▶ _What the task asks_: Reproduce verbatim all of the data given below, but do not carry over the images.

Segment Start: The records

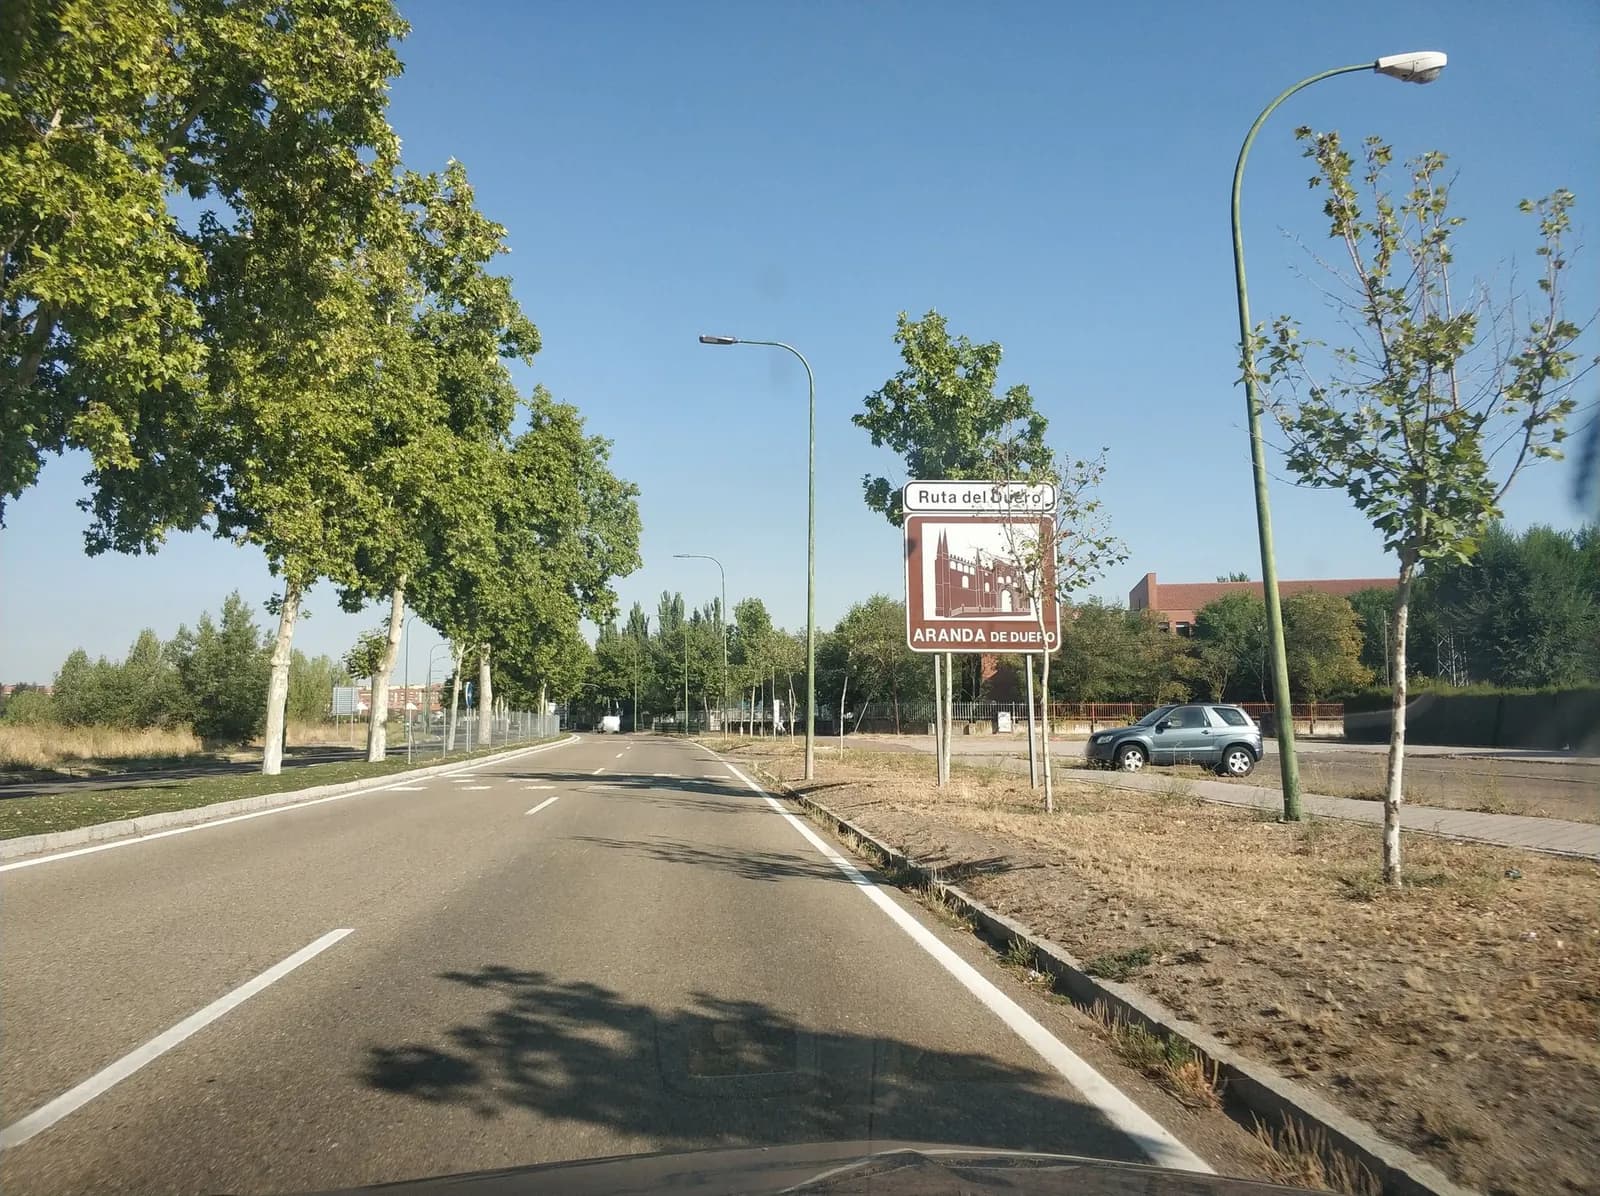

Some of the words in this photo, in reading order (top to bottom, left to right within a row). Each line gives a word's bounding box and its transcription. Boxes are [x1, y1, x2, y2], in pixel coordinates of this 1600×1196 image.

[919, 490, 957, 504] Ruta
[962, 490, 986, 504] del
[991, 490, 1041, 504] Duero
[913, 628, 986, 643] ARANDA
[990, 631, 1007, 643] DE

Segment End: The records

▶ _Answer area_:
Some of the words in this photo, in reading order (top to bottom, left to right within a row). Each line gives a word's bounding box and its transcription. Boxes are [x1, y1, x2, y2], in pixel coordinates of this 1600×1196 image.

[919, 490, 957, 504] Ruta
[962, 490, 986, 504] del
[991, 490, 1041, 504] Duero
[913, 628, 986, 643] ARANDA
[990, 631, 1007, 643] DE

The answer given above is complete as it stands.